Santo Tomás, complementando estas tres interpretaciones señaló que el “pecado contra el Espíritu Santo” es todo pecado que pone un obstáculo particularmente grave a la obra de la redención en el alma, es decir, que hace sumamente difícil la conversión al bien o la salida del pecado; así:

(1) Lo que nos hace desconfiar de la misericordia de Dios (la desesperación que excluye la confianza en la misericordia divina) o nos alienta a pecar (la presunción, que excluye el temor de la justicia).

(2) Lo que nos hace enemigos de los dones divinos que nos llevan a la conversión: el rechazo de la verdad (que nos lleva a rebatir la verdad para poder pecar con tranquilidad) y la envidia u odio de la gracia (la envidia de la gracia fraterna o tristeza por la acción de la gracia en los demás y por el crecimiento de la gracia de Dios en el mundo).

(3) Y finalmente, lo que nos impide salir del pecado: la impenitencia (la negativa a arrepentirnos y dejar nuestros pecados) y la obstinación en el mal (la reiteración del propósito de seguir pecando).

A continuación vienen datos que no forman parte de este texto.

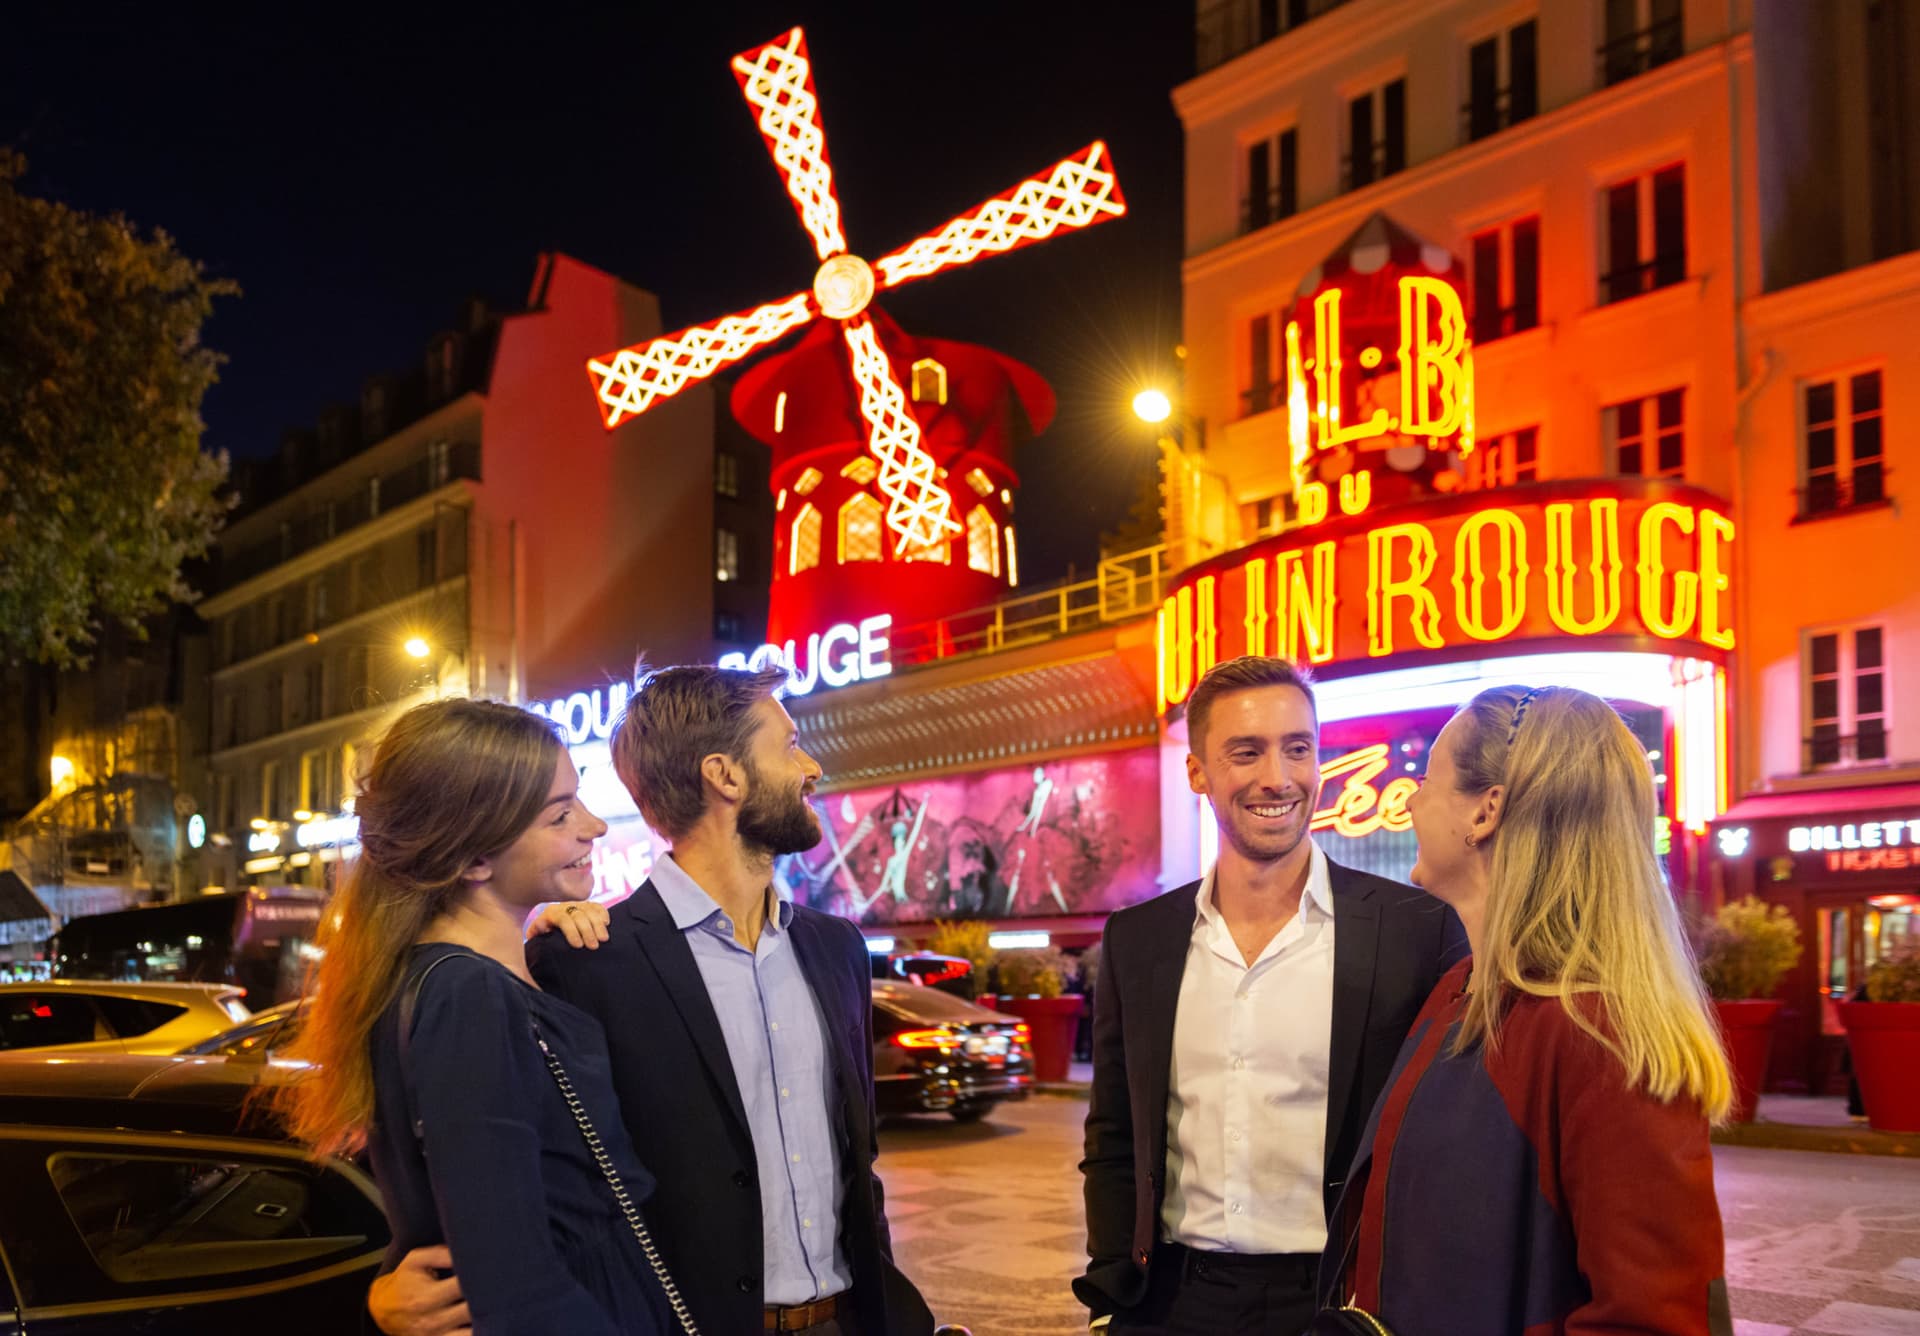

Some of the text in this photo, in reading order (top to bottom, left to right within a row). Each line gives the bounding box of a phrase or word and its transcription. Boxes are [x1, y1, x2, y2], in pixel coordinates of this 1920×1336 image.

[1299, 470, 1371, 525] DU
[1366, 497, 1735, 658] ROUGE
[1789, 819, 1920, 851] BILLETT

Evidentemente a este pecado no se llega de repente, sino después de haberse habituado en el pecado. La malicia de este pecado implica muchos otros pecados que van deslizando al hombre hasta rechazar la conversión.  Dice Nuestro Señor que este pecado no será perdonado ni en este mundo ni en el otro (Mt 12,32). No quiere decir esto que este pecado no “pueda” ser perdonado por Dios, sino que de suyo no da pie alguno para el perdón (corta todas las vías para el arrepentimiento y la vuelta a Dios). Sin embargo, nada puede cerrar la omnipotencia y la misericordia divina, que puede causar la conversión del corazón más empedernido así como puede curar milagrosamente una enfermedad mortal.

P. Miguel A. Fuentes, IVE

Bibliografía:

Paul Lamarche, Pecado, en: Xavier Léon-Dufour, Vocabulario de Teología Bíblica, Herder 1978, 660-672;

Francesco Roberti, Pecado contra el Espíritu Santo, en: Diccionario de Teología Moral, Editorial Litúrgica Española, Barcelona 1960, pp. 924-925.